What to do:
Leaving the pictures aside, restate all of the data exactly.

Data shown:
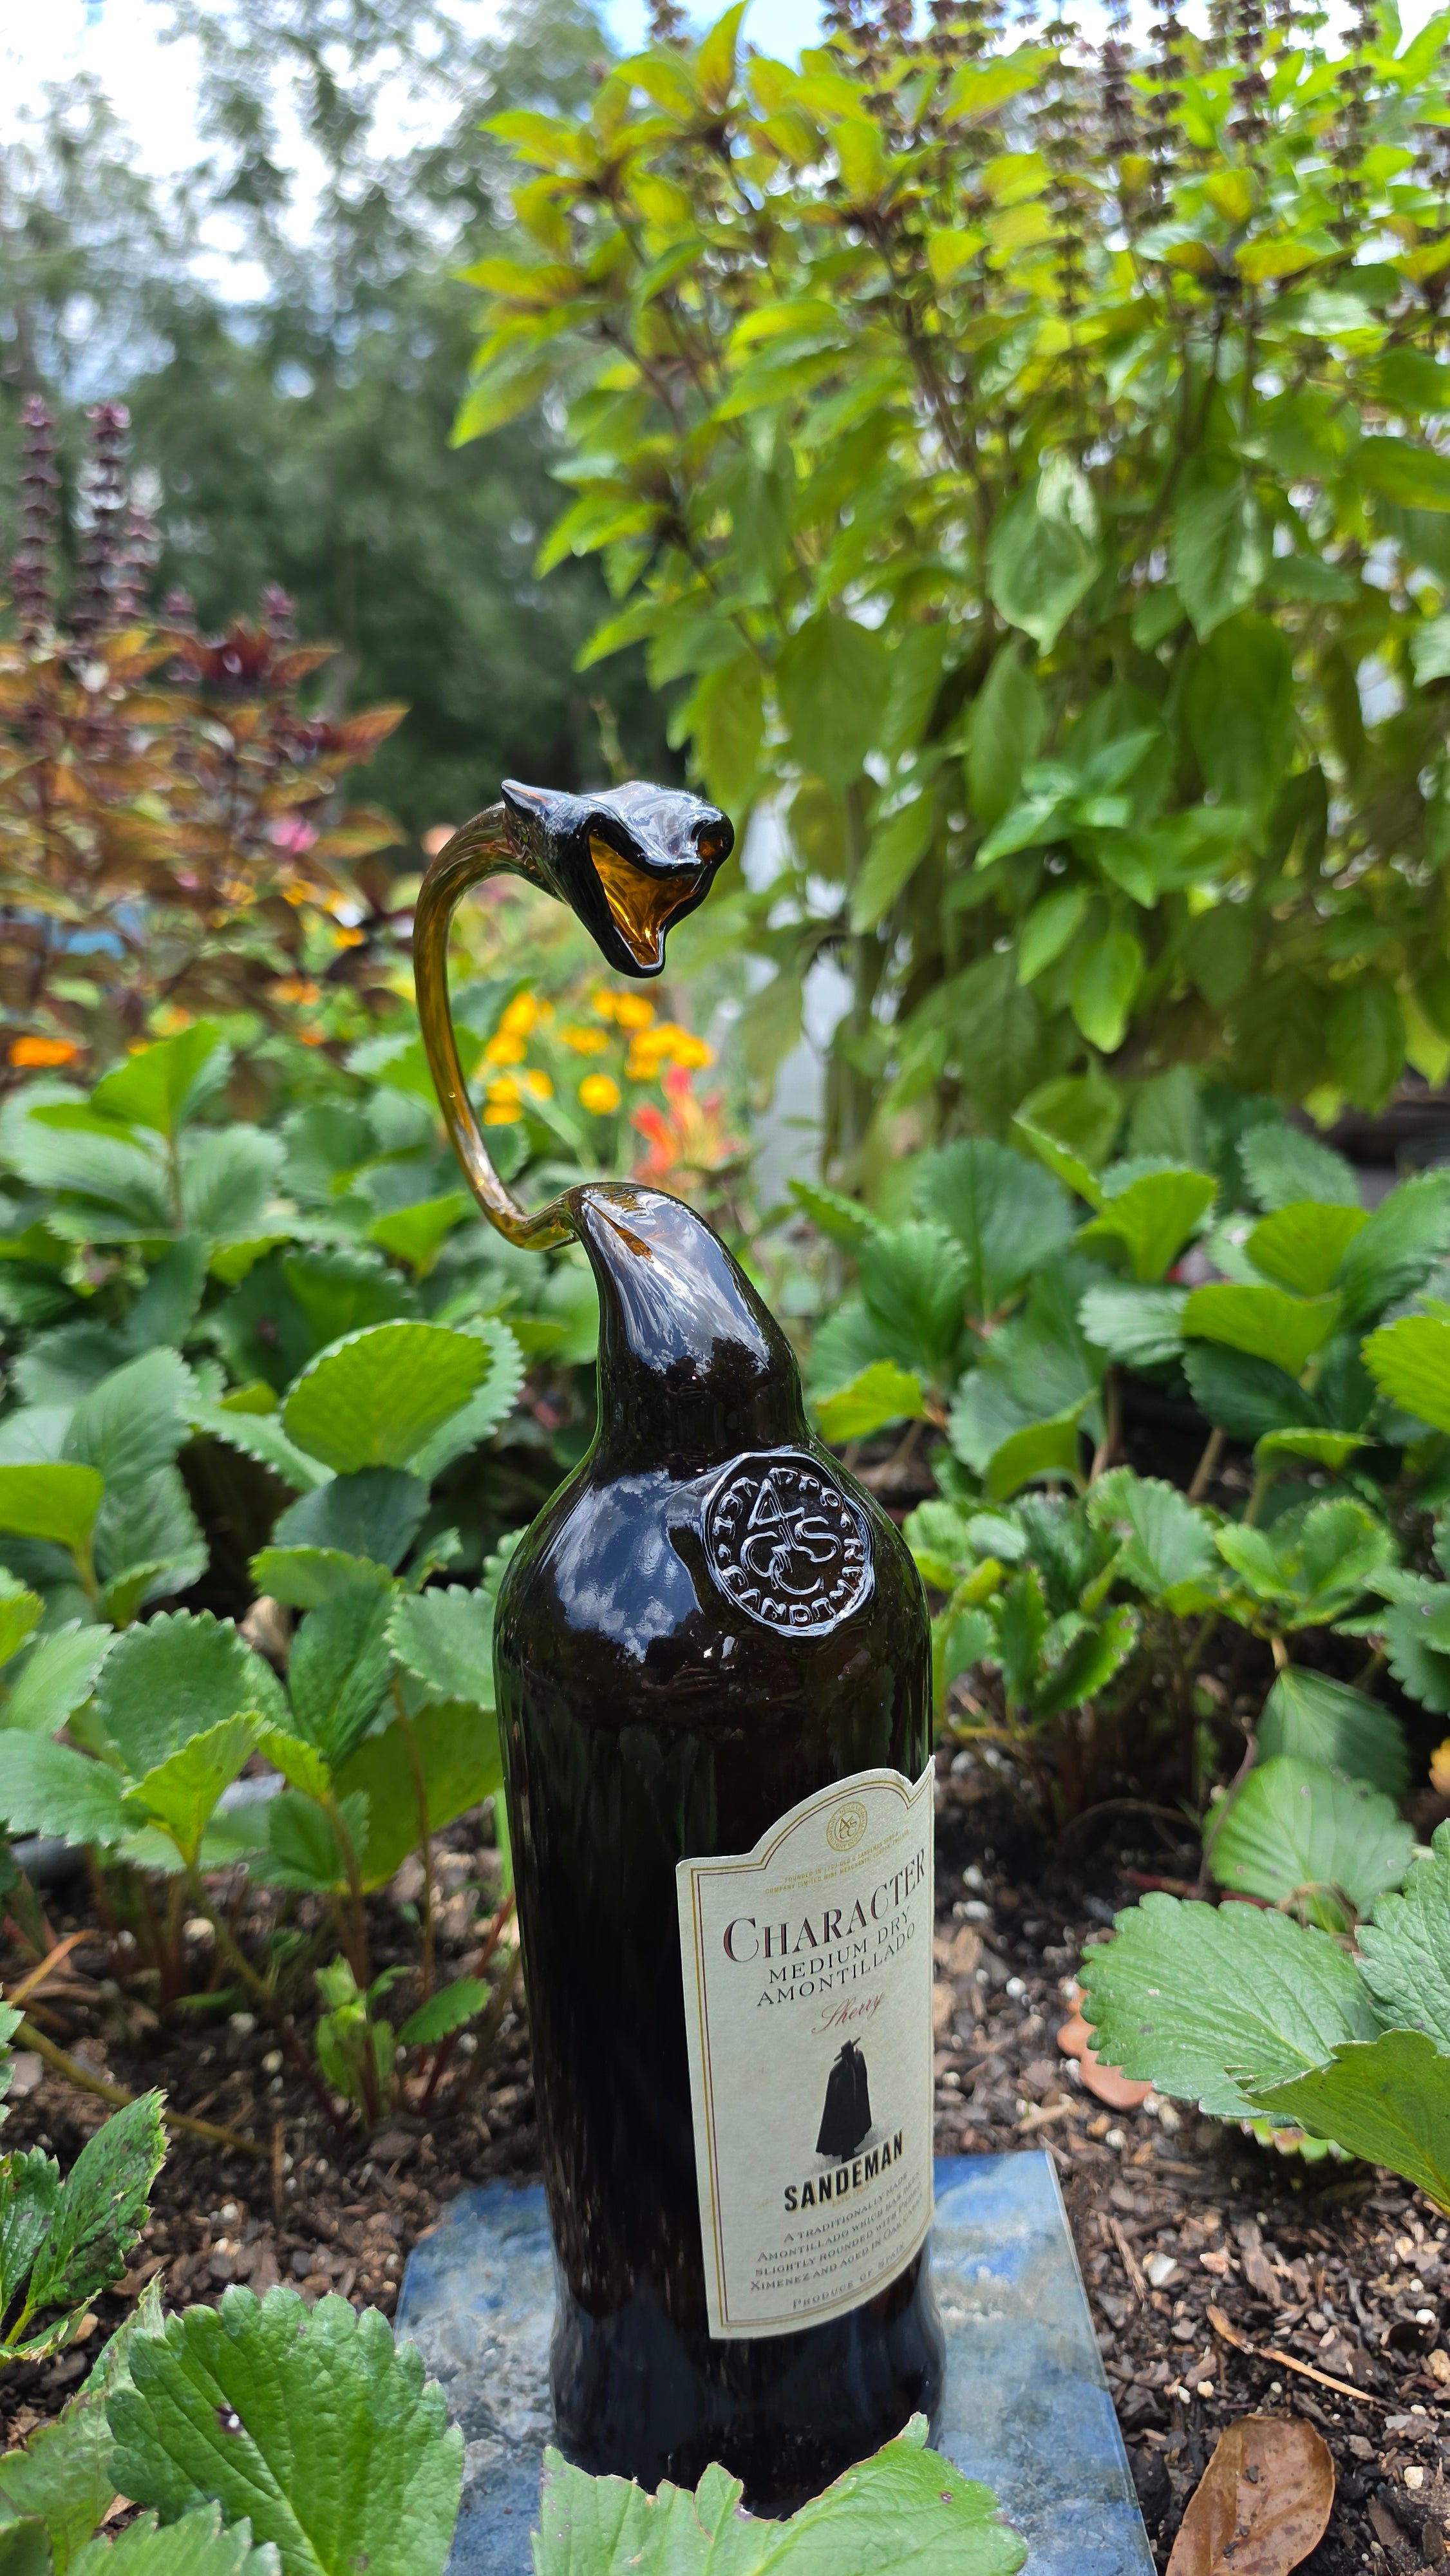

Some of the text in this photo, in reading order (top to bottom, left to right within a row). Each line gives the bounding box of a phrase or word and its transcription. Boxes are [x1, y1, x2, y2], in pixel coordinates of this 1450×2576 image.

[723, 1847, 925, 1963] CHARACTER
[765, 1884, 795, 1894] COMPANY
[798, 1877, 821, 1887] LIMITED
[757, 1922, 915, 2007] AMONTILLADO
[769, 1906, 910, 1984] MEDIUM DRY
[811, 1991, 885, 2034] Sherry
[784, 2128, 903, 2212] SANDEMAN
[757, 2230, 849, 2262] AMONTILLADO
[852, 2208, 883, 2231] WHICH
[885, 2193, 901, 2214] HAS
[784, 2171, 907, 2243] A TRADITIONALLY MADE
[750, 2273, 810, 2291] XIMENEZ
[813, 2262, 837, 2278] AND
[840, 2247, 869, 2268] AGED
[871, 2239, 881, 2250] IN
[883, 2221, 901, 2240] OAK
[755, 2256, 816, 2277] SLIGHTLY
[819, 2230, 873, 2262] ROUNDED
[876, 2212, 897, 2232] WITH
[793, 2241, 905, 2309] PRODUCE OF SPAIN
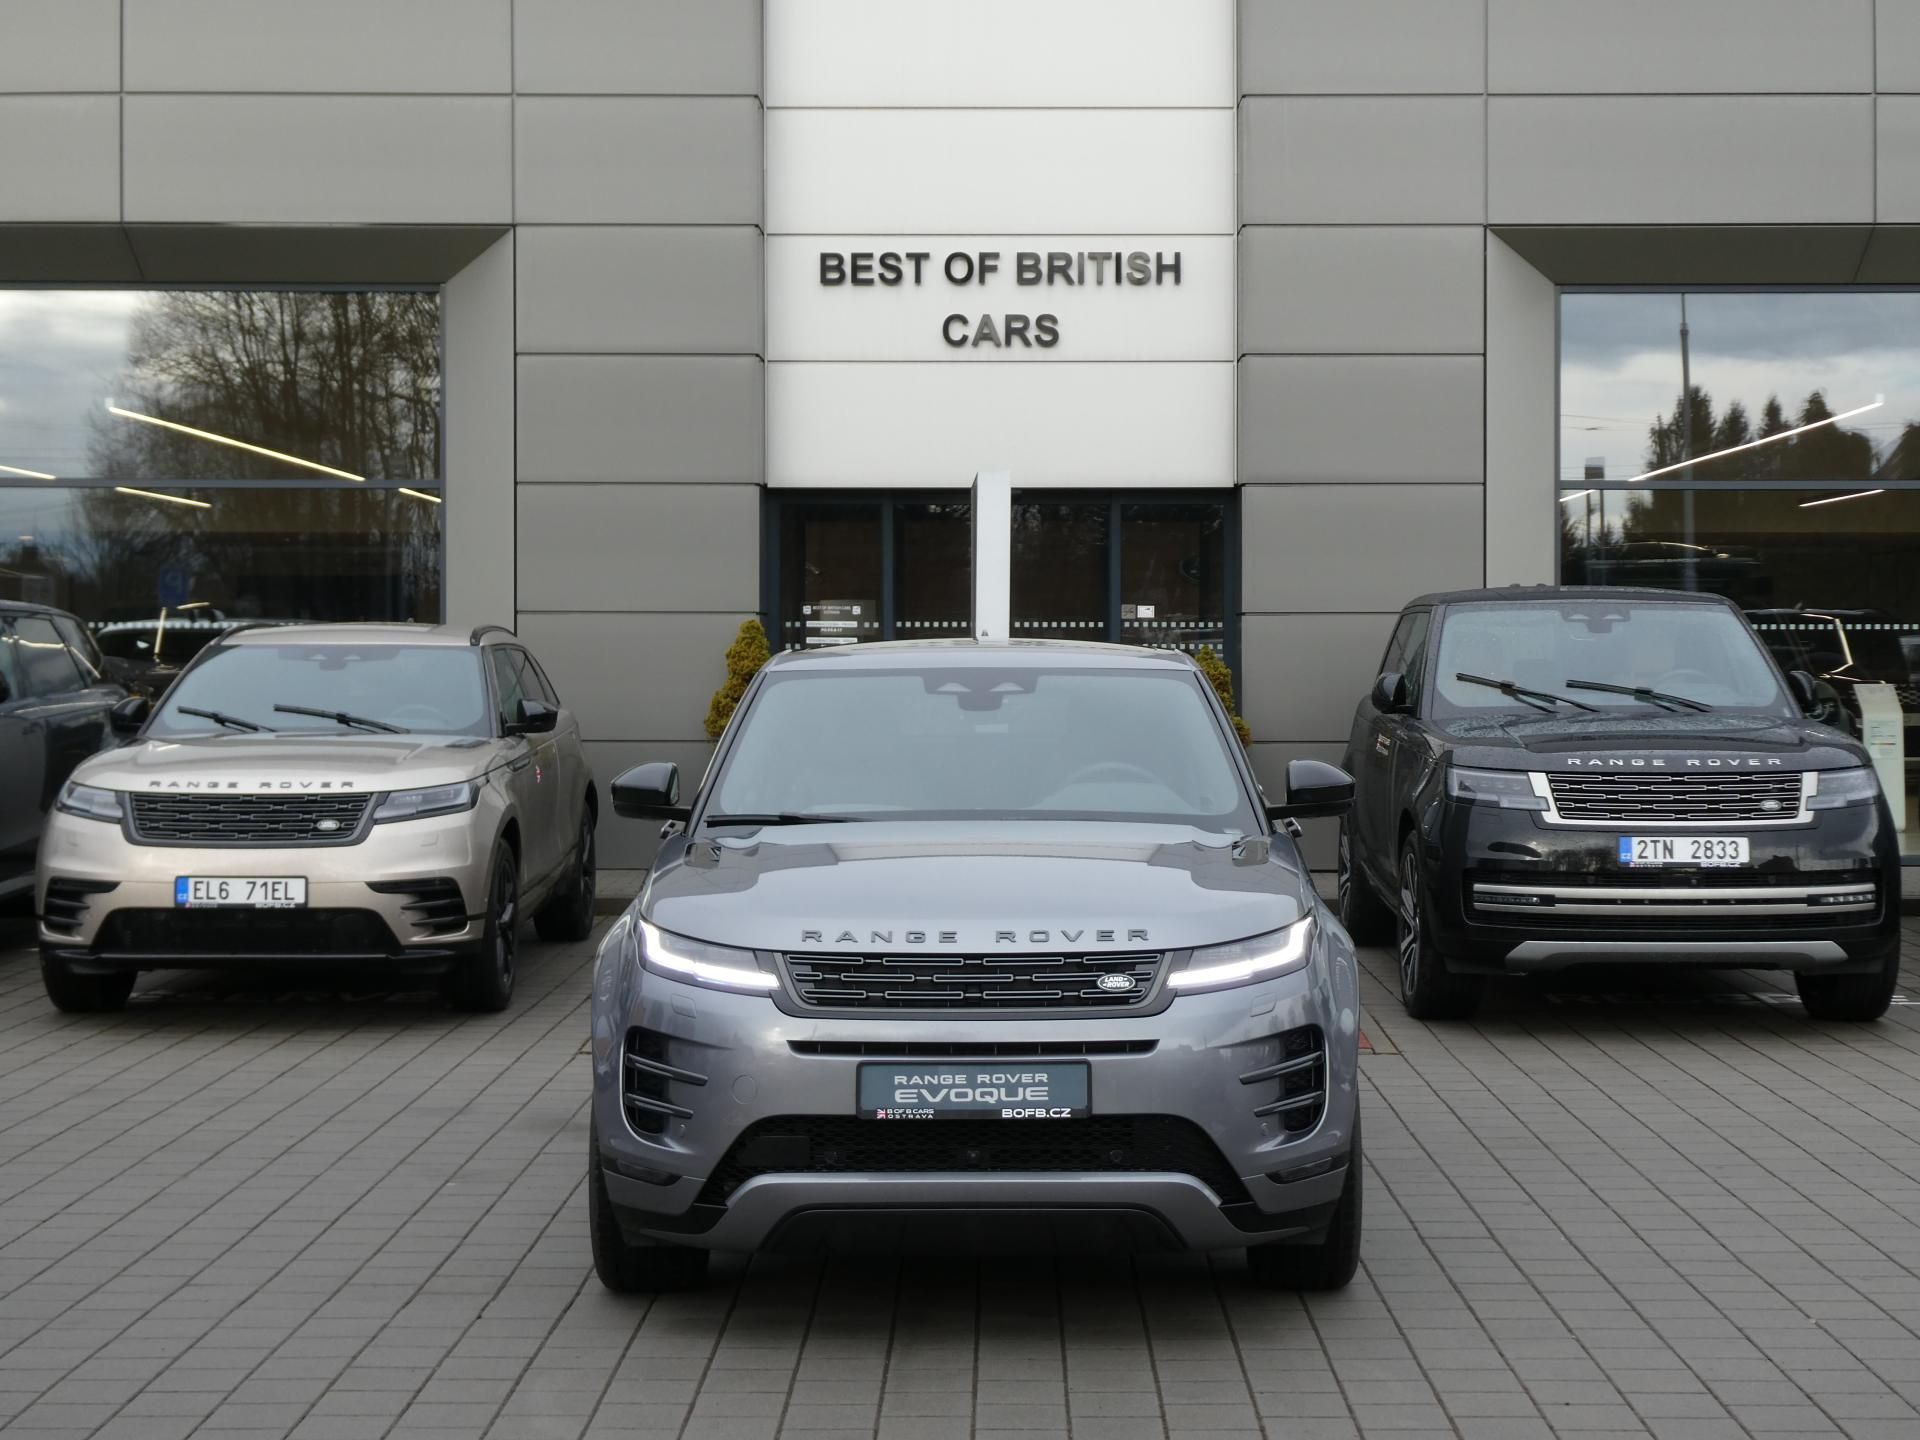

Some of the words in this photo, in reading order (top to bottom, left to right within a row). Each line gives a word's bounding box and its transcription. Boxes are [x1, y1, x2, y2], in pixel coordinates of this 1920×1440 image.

[820, 252, 930, 286] BEST
[944, 252, 1000, 286] OF
[1016, 252, 1182, 286] BRITISH
[942, 313, 1060, 347] CARS
[1567, 758, 1666, 766] RANGE
[1687, 758, 1782, 766] ROVER
[149, 781, 239, 789] RANGE
[259, 781, 354, 789] ROVER
[1637, 839, 1674, 860] 2TN
[1690, 839, 1740, 860] 2833
[193, 880, 230, 900] EL6
[246, 881, 296, 901] 71EL
[800, 929, 958, 944] RANGE
[995, 928, 1150, 944] ROVER
[894, 1074, 967, 1085] RANGE
[976, 1073, 1049, 1084] ROVER
[894, 1086, 1049, 1104] EVOQUE
[1001, 1107, 1072, 1118] BOFB.CZ

Written answer:
Some of the text in this photo, in reading order (top to bottom, left to right within a row). Each line gives the bounding box of a phrase or word and its transcription. Boxes are [x1, y1, x2, y2], in pixel coordinates of this 1450×2576 image.

[723, 1847, 925, 1963] CHARACTER
[765, 1884, 795, 1894] COMPANY
[798, 1877, 821, 1887] LIMITED
[757, 1922, 915, 2007] AMONTILLADO
[769, 1906, 910, 1984] MEDIUM DRY
[811, 1991, 885, 2034] Sherry
[784, 2128, 903, 2212] SANDEMAN
[757, 2230, 849, 2262] AMONTILLADO
[852, 2208, 883, 2231] WHICH
[885, 2193, 901, 2214] HAS
[784, 2171, 907, 2243] A TRADITIONALLY MADE
[750, 2273, 810, 2291] XIMENEZ
[813, 2262, 837, 2278] AND
[840, 2247, 869, 2268] AGED
[871, 2239, 881, 2250] IN
[883, 2221, 901, 2240] OAK
[755, 2256, 816, 2277] SLIGHTLY
[819, 2230, 873, 2262] ROUNDED
[876, 2212, 897, 2232] WITH
[793, 2241, 905, 2309] PRODUCE OF SPAIN

Some of the words in this photo, in reading order (top to bottom, left to right within a row). Each line gives a word's bounding box and its transcription. Boxes are [x1, y1, x2, y2], in pixel coordinates of this 1920×1440 image.

[820, 252, 930, 286] BEST
[944, 252, 1000, 286] OF
[1016, 252, 1182, 286] BRITISH
[942, 313, 1060, 347] CARS
[1567, 758, 1666, 766] RANGE
[1687, 758, 1782, 766] ROVER
[149, 781, 239, 789] RANGE
[259, 781, 354, 789] ROVER
[1637, 839, 1674, 860] 2TN
[1690, 839, 1740, 860] 2833
[193, 880, 230, 900] EL6
[246, 881, 296, 901] 71EL
[800, 929, 958, 944] RANGE
[995, 928, 1150, 944] ROVER
[894, 1074, 967, 1085] RANGE
[976, 1073, 1049, 1084] ROVER
[894, 1086, 1049, 1104] EVOQUE
[1001, 1107, 1072, 1118] BOFB.CZ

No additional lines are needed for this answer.